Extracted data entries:
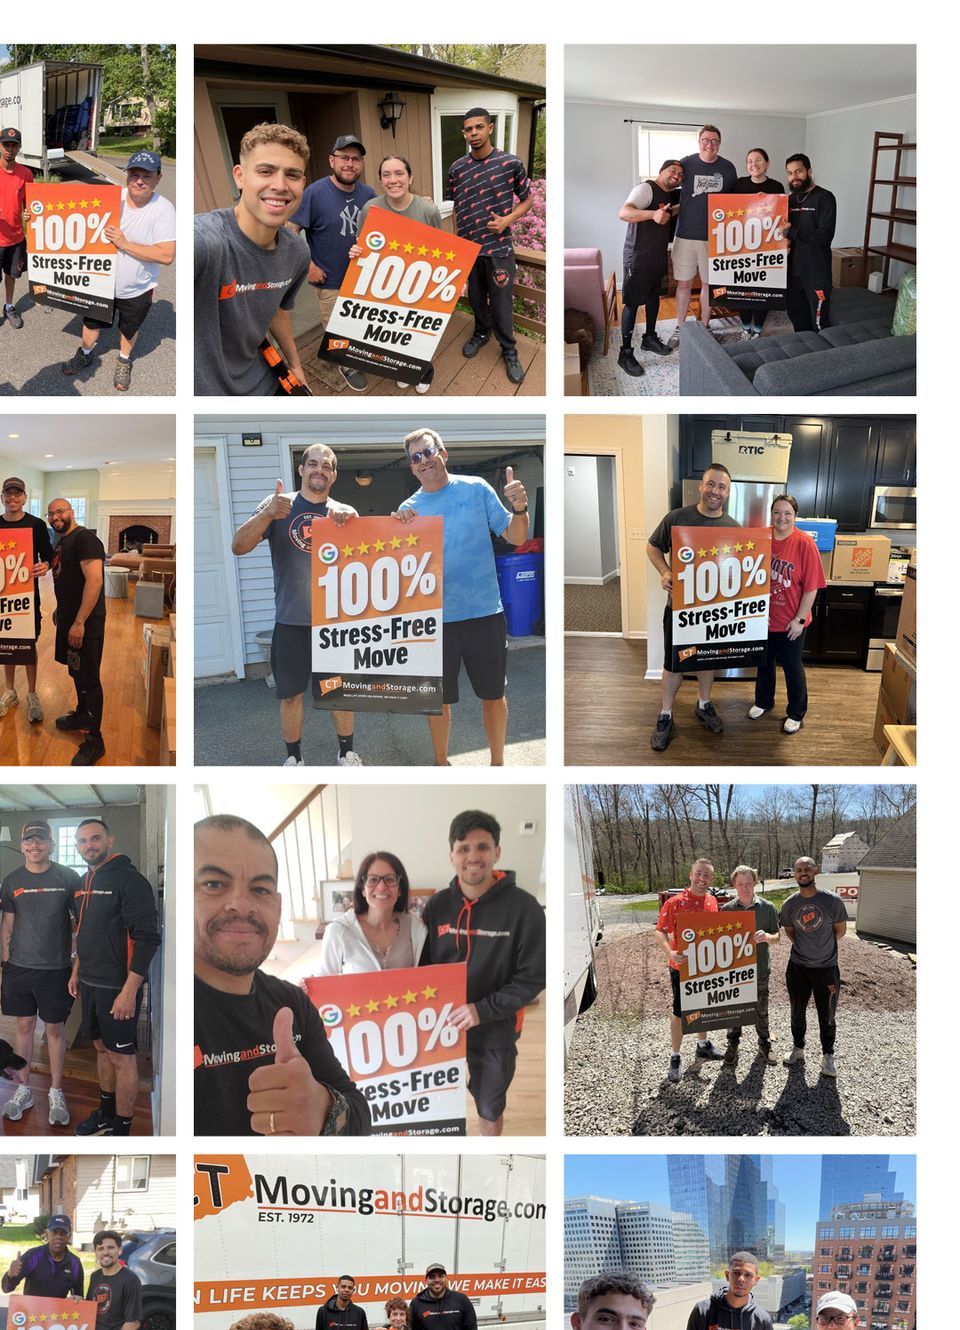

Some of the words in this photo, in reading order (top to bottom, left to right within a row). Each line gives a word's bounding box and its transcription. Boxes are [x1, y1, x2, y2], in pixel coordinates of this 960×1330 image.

[31, 213, 111, 251] 100%
[712, 216, 784, 254] 100%
[32, 254, 112, 273] Stress-Free
[712, 253, 784, 272] Stress-Free
[53, 271, 90, 287] Move
[353, 252, 463, 304] 100%
[339, 299, 445, 333] Stress-Free
[347, 345, 424, 372] MovingandStorage.com
[738, 445, 764, 455] RTIC
[318, 551, 437, 620] 100%
[678, 553, 767, 605] 100%
[678, 599, 767, 628] Stress-Free
[319, 616, 437, 650] Stress-Free
[353, 646, 408, 670] Move
[342, 682, 436, 694] MovingandStorage.com
[682, 930, 754, 977] 100%
[685, 967, 755, 996] Stress-Free
[258, 1212, 285, 1223] EST.
[287, 1212, 314, 1224] 1972
[208, 1286, 255, 1305] LIFE
[262, 1281, 326, 1303] KEEPS
[447, 1278, 470, 1293] WE
[472, 1276, 505, 1292] MAKE
[507, 1276, 520, 1290] IT

§ **TASK DESCRIPTION**:
All entries should be reproduced exactly; no picture belongs in the result.

§ **EXERCISE SOLUTION**:
Some of the words in this photo, in reading order (top to bottom, left to right within a row). Each line gives a word's bounding box and its transcription. Boxes are [x1, y1, x2, y2], in pixel coordinates of this 960×1330 image.

[31, 213, 111, 251] 100%
[712, 216, 784, 254] 100%
[32, 254, 112, 273] Stress-Free
[712, 253, 784, 272] Stress-Free
[53, 271, 90, 287] Move
[353, 252, 463, 304] 100%
[339, 299, 445, 333] Stress-Free
[347, 345, 424, 372] MovingandStorage.com
[738, 445, 764, 455] RTIC
[318, 551, 437, 620] 100%
[678, 553, 767, 605] 100%
[678, 599, 767, 628] Stress-Free
[319, 616, 437, 650] Stress-Free
[353, 646, 408, 670] Move
[342, 682, 436, 694] MovingandStorage.com
[682, 930, 754, 977] 100%
[685, 967, 755, 996] Stress-Free
[258, 1212, 285, 1223] EST.
[287, 1212, 314, 1224] 1972
[208, 1286, 255, 1305] LIFE
[262, 1281, 326, 1303] KEEPS
[447, 1278, 470, 1293] WE
[472, 1276, 505, 1292] MAKE
[507, 1276, 520, 1290] IT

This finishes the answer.